[Start of section]
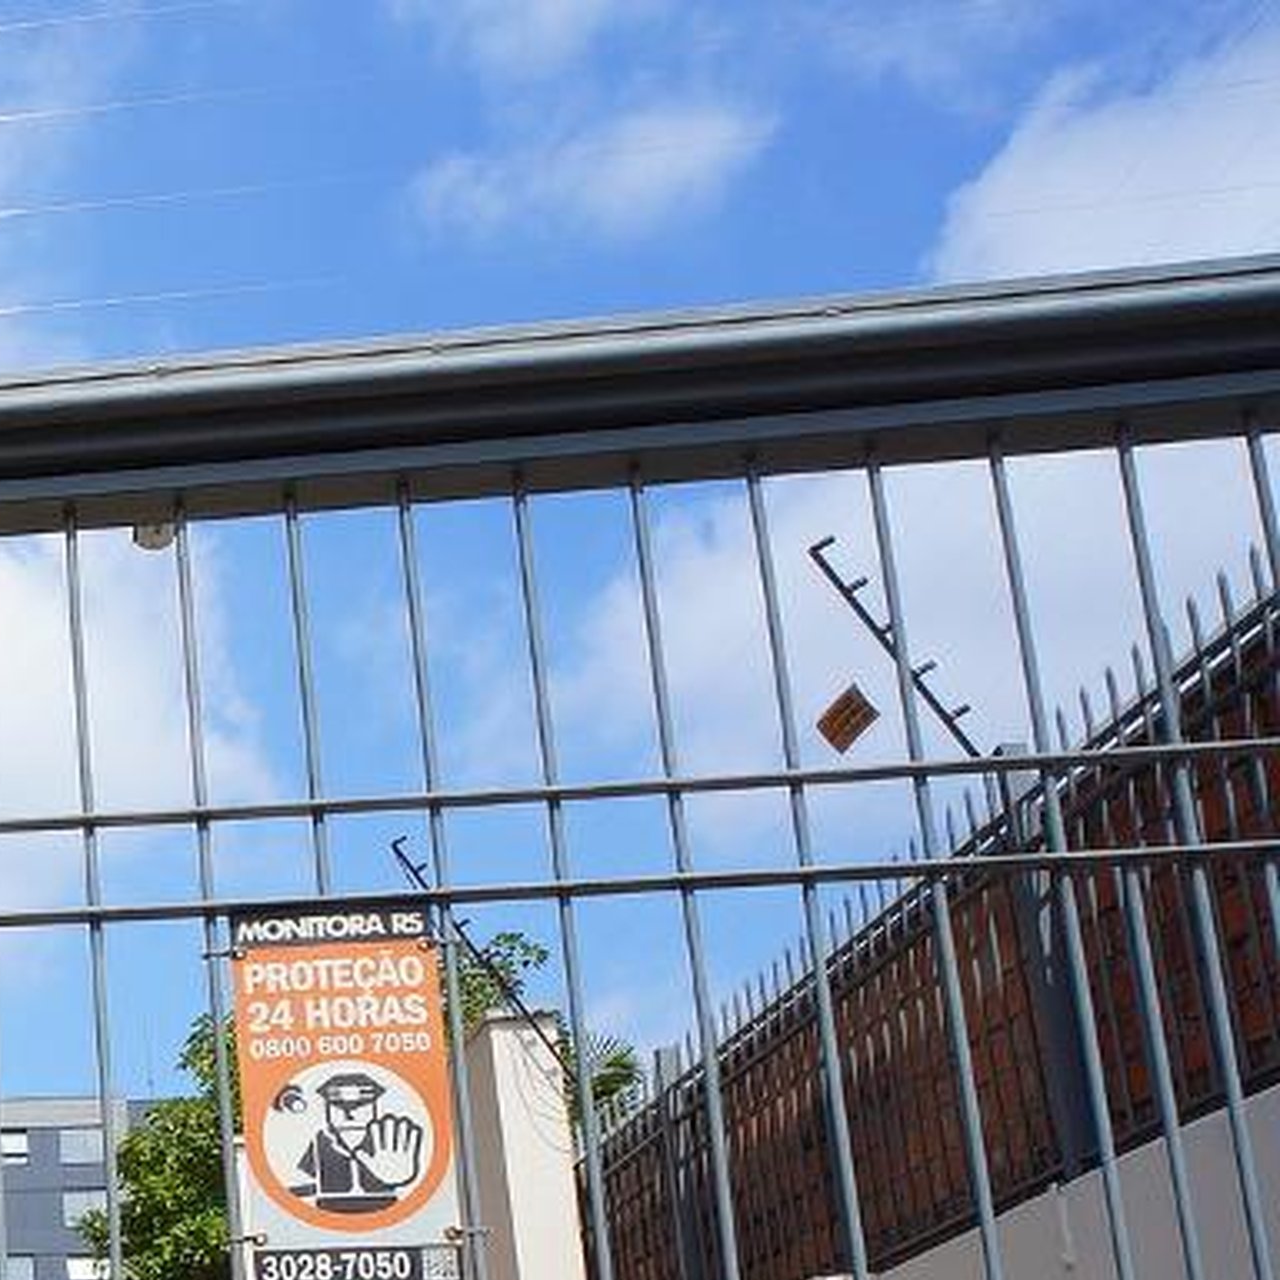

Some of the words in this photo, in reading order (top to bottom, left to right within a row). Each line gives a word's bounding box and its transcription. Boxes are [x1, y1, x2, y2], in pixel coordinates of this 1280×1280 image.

[238, 914, 385, 941] MONITORA
[392, 911, 424, 935] RS
[244, 950, 425, 994] PROTEÇÃO
[248, 1003, 295, 1033] 24
[307, 994, 428, 1030] HORAS
[250, 1037, 312, 1058] 0800
[319, 1034, 366, 1055] 600
[373, 1032, 432, 1054] 7050
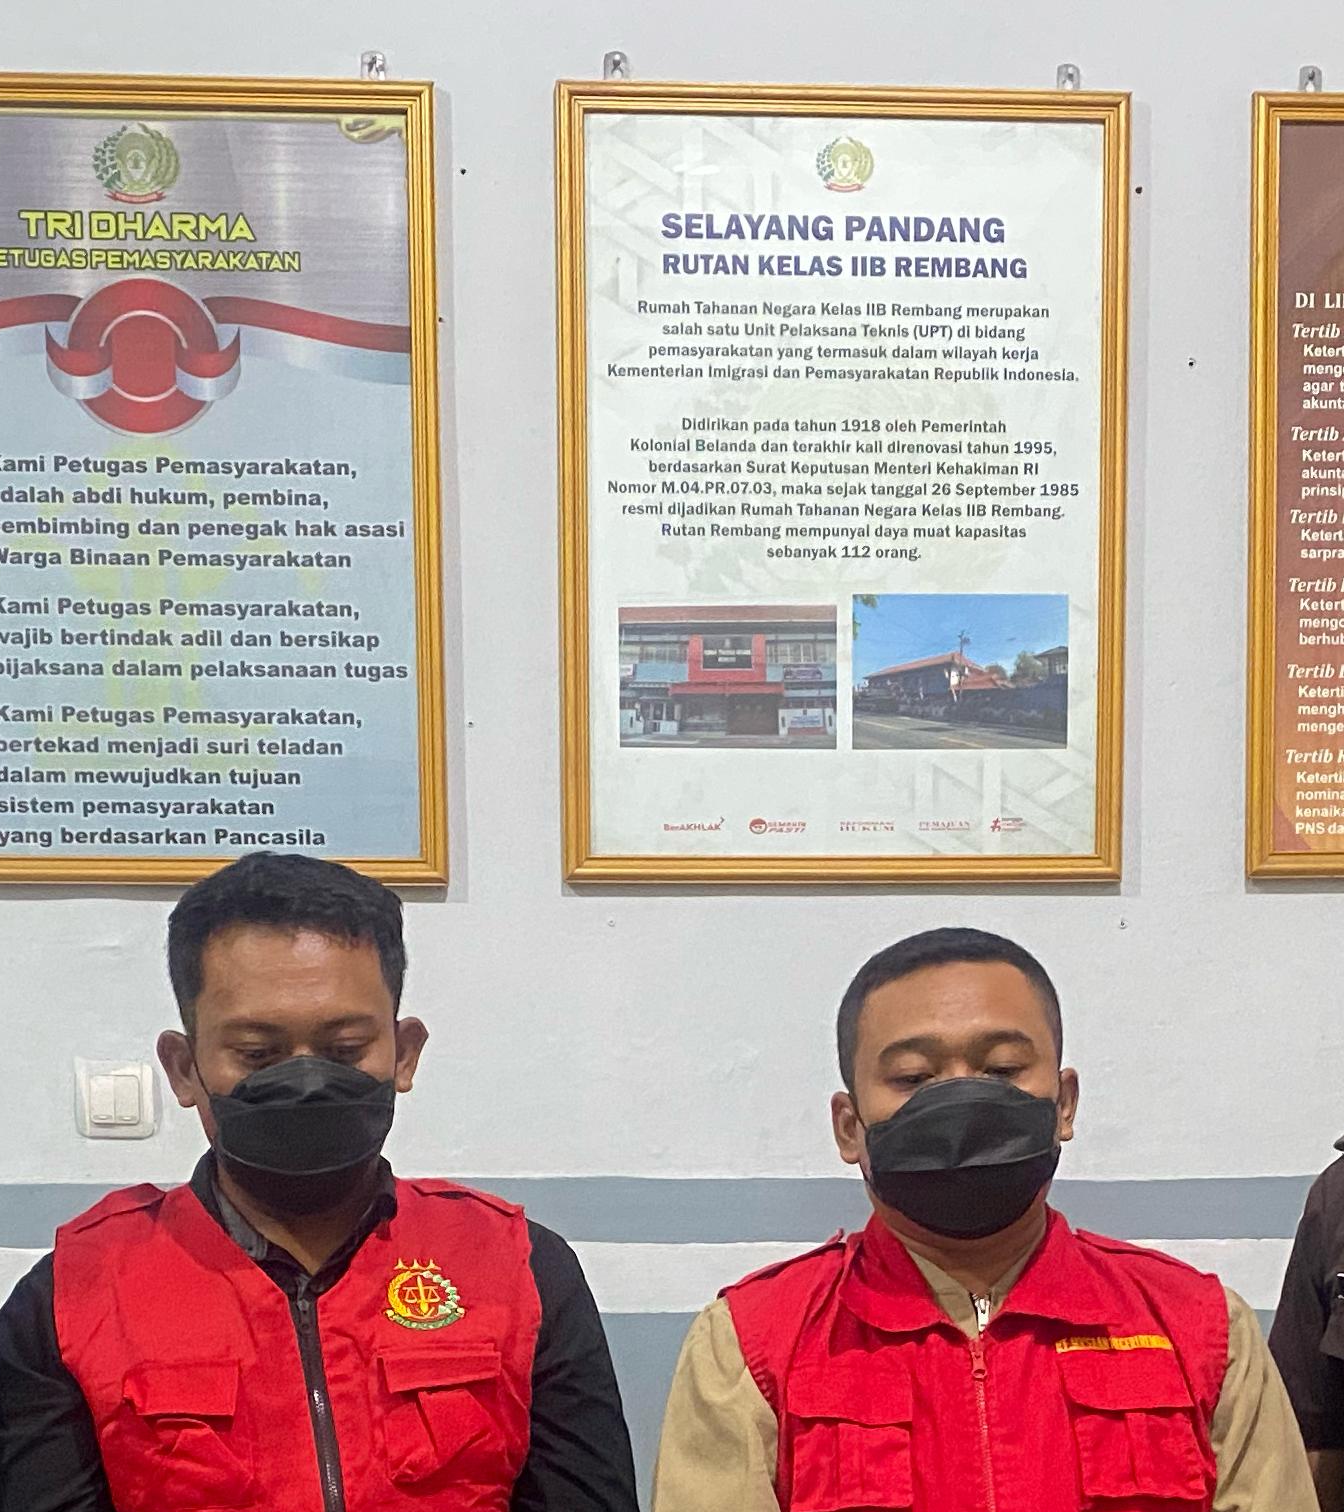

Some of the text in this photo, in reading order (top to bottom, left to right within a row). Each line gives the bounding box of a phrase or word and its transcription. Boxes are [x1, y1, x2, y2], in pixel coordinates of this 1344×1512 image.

[19, 211, 255, 240] TRI DHARMA
[661, 213, 1005, 244] SELAYANG PANDANG
[90, 250, 300, 271] PEMASYARAKATAN
[663, 254, 1027, 279] RUTAN KELAS IIB REMBANG
[638, 300, 1049, 320] Rumah Tahanan Negara Kelas IIB Rembang merupakan
[1295, 292, 1315, 308] DI
[662, 322, 1025, 342] salah satu Unit Pelaksana Teknis (UPT) di bidang
[1292, 323, 1340, 339] Tertib
[649, 344, 1039, 363] pemasyarakatan yang termasuk dalam wilayah kerja
[608, 364, 1079, 383] Kementerian Imigrasi dan Pemasyarakatan Republik Indonesia.
[682, 417, 1006, 434] Didirikan pada tahun 1918 oleh Pemerintah
[1291, 426, 1339, 441] Tertib
[54, 455, 148, 478] Petugas
[156, 457, 356, 479] Pemasyarakatan,
[72, 487, 122, 504] abdi
[130, 487, 215, 509] hukum,
[223, 489, 328, 510] pembina,
[1290, 509, 1338, 524] Tertib
[138, 519, 180, 535] dan
[188, 520, 288, 541] penegak
[295, 520, 337, 537] hak
[344, 521, 404, 537] asasi
[661, 523, 1026, 541] Rutan Rembang mempunyai daya muat kapasitas
[70, 548, 150, 566] Binaan
[158, 549, 351, 571] Pemasyarakatan
[767, 545, 921, 562] sebanyak 112 orang.
[1289, 577, 1337, 593] Tertib
[58, 598, 152, 619] Petugas
[159, 599, 359, 621] Pemasyarakatan,
[61, 628, 173, 646] bertindak
[181, 629, 222, 646] adil
[230, 630, 272, 647] dan
[280, 630, 380, 652] bersikap
[112, 659, 182, 676] dalam
[191, 660, 336, 681] pelaksanaan
[344, 662, 408, 682] tugas
[1287, 663, 1335, 679] Tertib
[61, 706, 155, 727] Petugas
[163, 707, 362, 729] Pemasyarakatan,
[108, 737, 199, 758] menjadi
[206, 738, 249, 754] suri
[257, 738, 343, 755] teladan
[1286, 749, 1333, 764] Tertib
[75, 767, 221, 788] mewujudkan
[229, 768, 301, 789] tujuan
[83, 798, 274, 819] pemasyarakatan
[61, 827, 206, 845] berdasarkan
[214, 828, 325, 846] Pancasila
[End of section]
ASSIGNMENT: The answer should be the records above, unchanged, with the pictures omitted.

EXERCISE OUTPUT:
Some of the words in this photo, in reading order (top to bottom, left to right within a row). Each line gives a word's bounding box and its transcription. Boxes are [x1, y1, x2, y2], in pixel coordinates of this 1280×1280 image.

[238, 914, 385, 941] MONITORA
[392, 911, 424, 935] RS
[244, 950, 425, 994] PROTEÇÃO
[248, 1003, 295, 1033] 24
[307, 994, 428, 1030] HORAS
[250, 1037, 312, 1058] 0800
[319, 1034, 366, 1055] 600
[373, 1032, 432, 1054] 7050

Some of the text in this photo, in reading order (top to bottom, left to right within a row). Each line gives the bounding box of a phrase or word and its transcription. Boxes are [x1, y1, x2, y2], in pixel coordinates of this 1344×1512 image.

[19, 211, 255, 240] TRI DHARMA
[661, 213, 1005, 244] SELAYANG PANDANG
[90, 250, 300, 271] PEMASYARAKATAN
[663, 254, 1027, 279] RUTAN KELAS IIB REMBANG
[638, 300, 1049, 320] Rumah Tahanan Negara Kelas IIB Rembang merupakan
[1295, 292, 1315, 308] DI
[662, 322, 1025, 342] salah satu Unit Pelaksana Teknis (UPT) di bidang
[1292, 323, 1340, 339] Tertib
[649, 344, 1039, 363] pemasyarakatan yang termasuk dalam wilayah kerja
[608, 364, 1079, 383] Kementerian Imigrasi dan Pemasyarakatan Republik Indonesia.
[682, 417, 1006, 434] Didirikan pada tahun 1918 oleh Pemerintah
[1291, 426, 1339, 441] Tertib
[54, 455, 148, 478] Petugas
[156, 457, 356, 479] Pemasyarakatan,
[72, 487, 122, 504] abdi
[130, 487, 215, 509] hukum,
[223, 489, 328, 510] pembina,
[1290, 509, 1338, 524] Tertib
[138, 519, 180, 535] dan
[188, 520, 288, 541] penegak
[295, 520, 337, 537] hak
[344, 521, 404, 537] asasi
[661, 523, 1026, 541] Rutan Rembang mempunyai daya muat kapasitas
[70, 548, 150, 566] Binaan
[158, 549, 351, 571] Pemasyarakatan
[767, 545, 921, 562] sebanyak 112 orang.
[1289, 577, 1337, 593] Tertib
[58, 598, 152, 619] Petugas
[159, 599, 359, 621] Pemasyarakatan,
[61, 628, 173, 646] bertindak
[181, 629, 222, 646] adil
[230, 630, 272, 647] dan
[280, 630, 380, 652] bersikap
[112, 659, 182, 676] dalam
[191, 660, 336, 681] pelaksanaan
[344, 662, 408, 682] tugas
[1287, 663, 1335, 679] Tertib
[61, 706, 155, 727] Petugas
[163, 707, 362, 729] Pemasyarakatan,
[108, 737, 199, 758] menjadi
[206, 738, 249, 754] suri
[257, 738, 343, 755] teladan
[1286, 749, 1333, 764] Tertib
[75, 767, 221, 788] mewujudkan
[229, 768, 301, 789] tujuan
[83, 798, 274, 819] pemasyarakatan
[61, 827, 206, 845] berdasarkan
[214, 828, 325, 846] Pancasila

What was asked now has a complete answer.